No React dependency. Runs in Node.js, Deno, Bun, or any JS environment.

  • SSE parser — converts ReadableStream<Uint8Array> to AsyncIterable<string>, handles buffering on \n\n boundaries
  • Chunk normalizer — maps provider-specific event shapes to StreamChunk ({type, text})
  • ProvidersOpenAIProvider, AnthropicProvider, CustomProvider
  • Message store — Zustand store factory; createMessageStore() returns a fully isolated store per call
  • Abort utilities — thin wrapper around AbortController with isAbortError guard

@react-ai-stream/react

Depends on @react-ai-stream/core and React.

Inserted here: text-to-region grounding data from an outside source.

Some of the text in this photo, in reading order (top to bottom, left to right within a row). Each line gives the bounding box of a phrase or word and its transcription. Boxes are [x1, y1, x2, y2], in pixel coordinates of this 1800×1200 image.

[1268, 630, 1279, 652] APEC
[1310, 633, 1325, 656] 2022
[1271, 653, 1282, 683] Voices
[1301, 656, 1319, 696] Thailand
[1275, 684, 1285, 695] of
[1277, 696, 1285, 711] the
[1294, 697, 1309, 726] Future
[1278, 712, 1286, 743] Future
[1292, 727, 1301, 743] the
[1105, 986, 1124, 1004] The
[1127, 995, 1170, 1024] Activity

  • useAIChat — subscribes to the message store via useSyncExternalStore; orchestrates the streaming lifecycle; resets the client when endpoint, provider, apiKey, or the context client changes
  • AIChatProvider — React context for sharing a pre-built AIClient across a subtree
  • useStableCallback — stable function reference that always calls the latest closure, used internally to prevent stale closures in async stream loops

@react-ai-stream/ui

Depends on @react-ai-stream/react. Completely optional.

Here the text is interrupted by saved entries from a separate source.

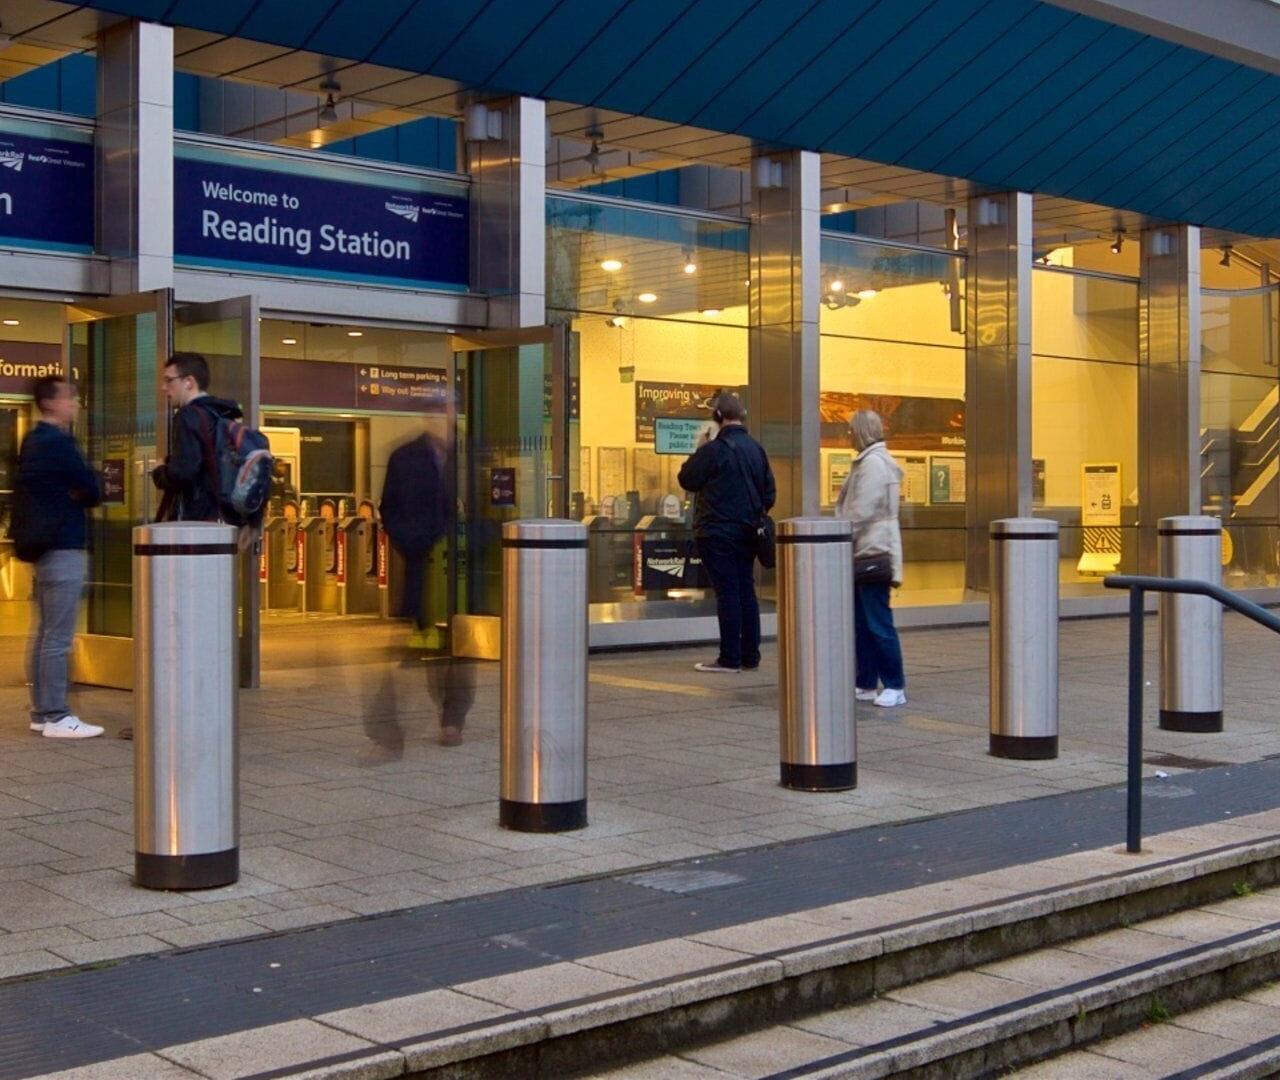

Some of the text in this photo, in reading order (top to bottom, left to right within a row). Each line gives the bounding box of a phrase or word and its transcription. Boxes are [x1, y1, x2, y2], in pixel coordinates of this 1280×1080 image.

[202, 180, 299, 209] Welcome to
[202, 209, 410, 260] Reading Station
[639, 383, 690, 403] Improving
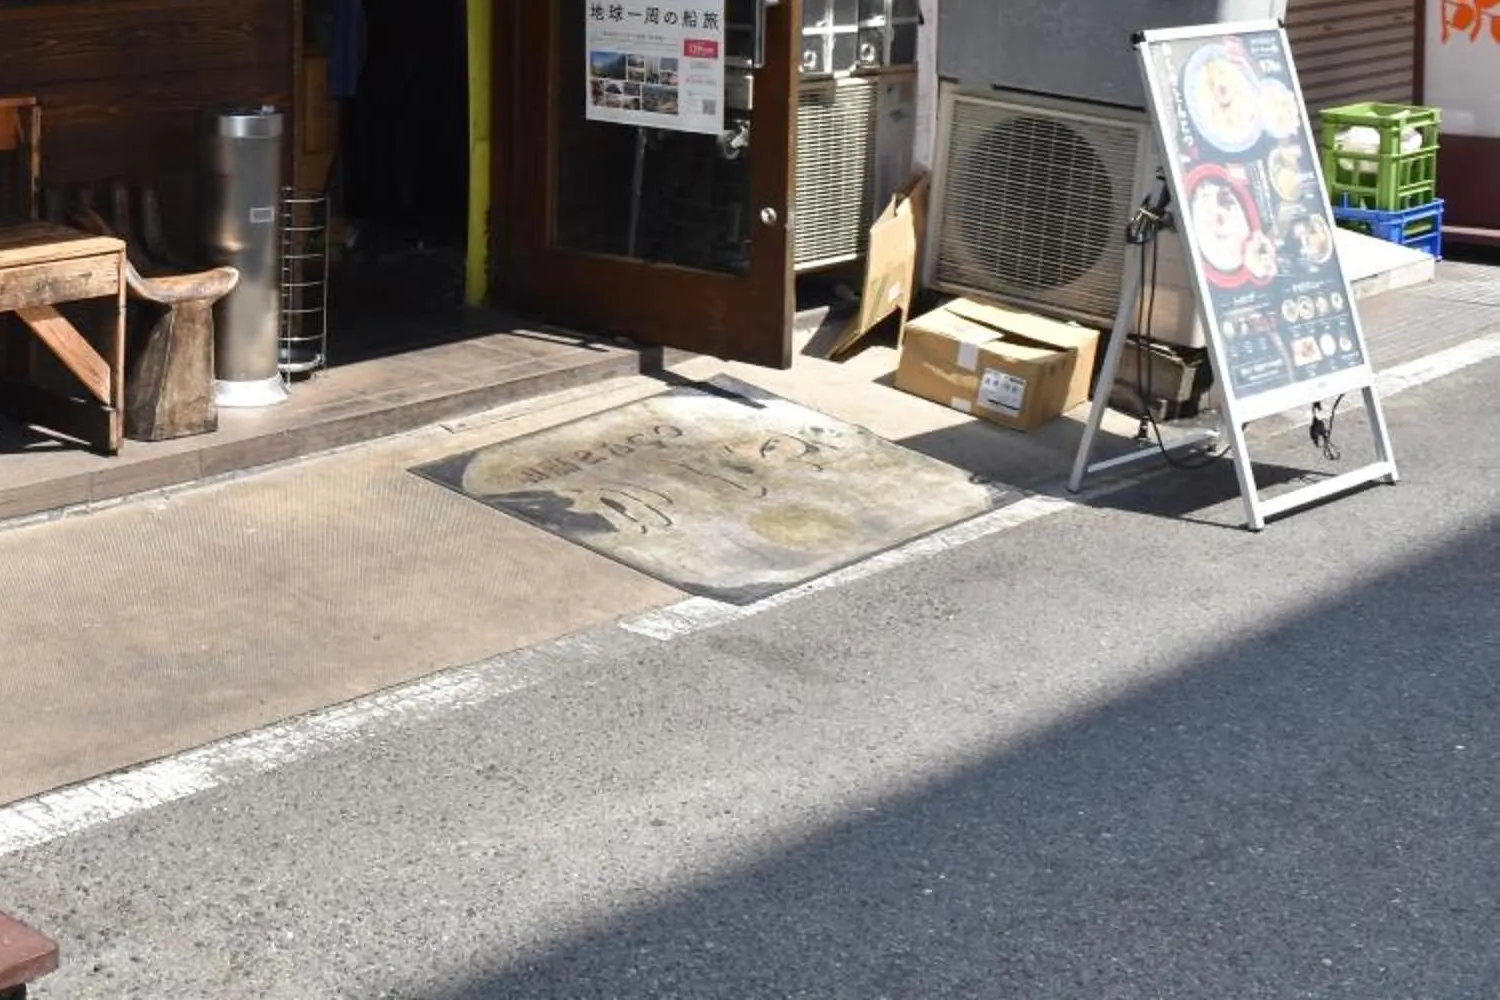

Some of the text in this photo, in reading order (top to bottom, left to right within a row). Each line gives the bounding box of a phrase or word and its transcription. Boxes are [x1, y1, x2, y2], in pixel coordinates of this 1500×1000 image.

[589, 2, 720, 31] 地球一周の船旅

  • Chat — all-in-one: MessageList + ChatInput
  • MessageList — renders messages with typing indicator; auto-scrolls on messages or loading change
  • MessageBubble — individual message with role-based styling
  • ChatInput — auto-resizing textarea with send/stop
  • MarkdownRenderer — GFM via react-markdown + rehype-highlight; copy button reads textContent to avoid [object Object] from syntax-highlighted children

State management

Each useAIChat instance owns a Zustand store created by createMessageStore():

{
  messages: Message[]
  loading: boolean
  error: string | null
  abortController: AbortController | null
}

useSyncExternalStore subscribes to this store. Only the component that called useAIChat re-renders when its store updates — no context propagation, no unnecessary renders in siblings. Three hook instances → three completely isolated stores.

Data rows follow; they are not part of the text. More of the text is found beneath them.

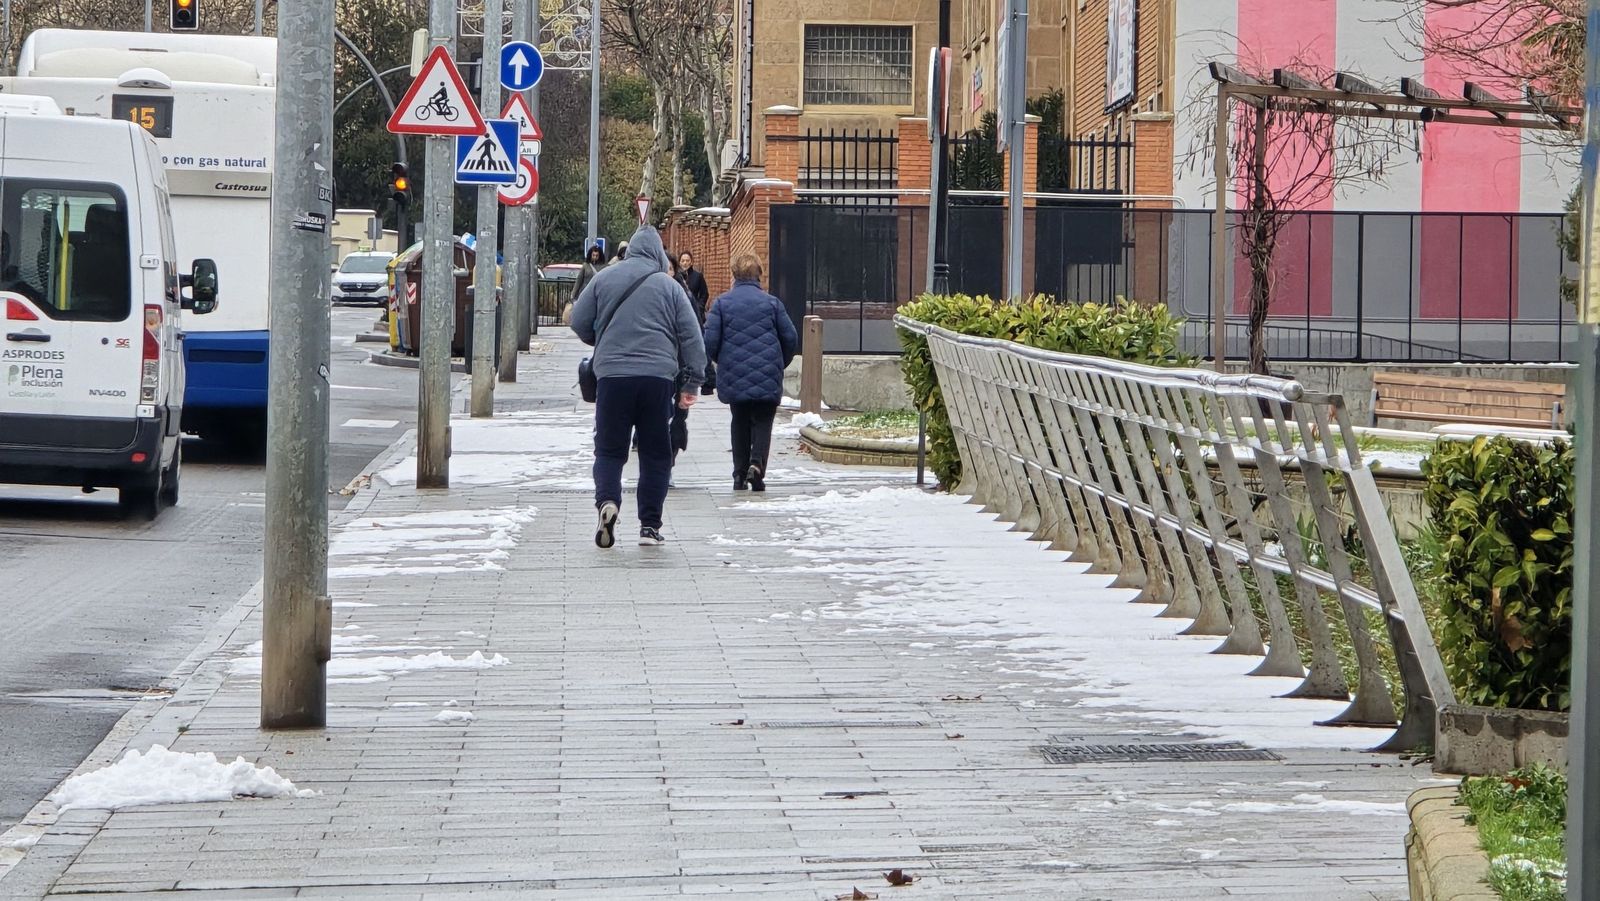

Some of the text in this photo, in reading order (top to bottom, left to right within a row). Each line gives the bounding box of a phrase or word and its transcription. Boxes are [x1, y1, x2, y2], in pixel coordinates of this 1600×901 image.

[130, 107, 156, 129] 15
[173, 156, 194, 165] con
[199, 157, 219, 167] gas
[225, 157, 266, 168] natural
[215, 182, 267, 192] Castrosua
[2, 349, 65, 360] ASPRODES
[22, 365, 63, 379] Plena

Why Zustand instead of useReducer

Zustand's createStore (vanilla, no React) lets the store live outside the React tree. This means:

  • Store can be created without a component render
  • Multiple components can subscribe without a shared context
  • Store lifecycle is tied to the hook ref, not to a provider tree

This is what enables truly isolated chat instances without any wrapping <Provider>.


Abort semantics

Every sendMessage call creates a new AbortController. The signal is passed to fetch. When stop() is called or the component unmounts, abort() fires:

user calls stop()
  → abortController.abort()
    → fetch rejects with AbortError
      → stream loop catches isAbortError() → true
        → loading → false (no error surfaced)
          → partial response preserved in messages

On the server side, the request's signal becomes aborted too (req.signal in Next.js edge/Node.js handlers). Passing it to the upstream fetch cancels the LLM call, avoiding wasted token generation:

const upstream = await fetch(LLM_URL, {
  signal: req.signal,  // forward the abort
  ...
})

SSE buffering

Network chunks don't align with SSE event boundaries. A single reader.read() call may return half an event or three events concatenated. The parser buffers and splits correctly:

let buf = ''
while (true) {
  const { done, value } = await reader.read()
  if (done) break
  buf += decoder.decode(value, { stream: true })
  const parts = buf.split('\n\n')
  buf = parts.pop() ?? ''   // keep the incomplete tail
  for (const part of parts) {
    // process complete events
  }
}

The critical invariant: buf = parts.pop() always preserves the incomplete trailing event. Setting buf = '' inside the loop (a common mistake) silently drops buffered content mid-chunk.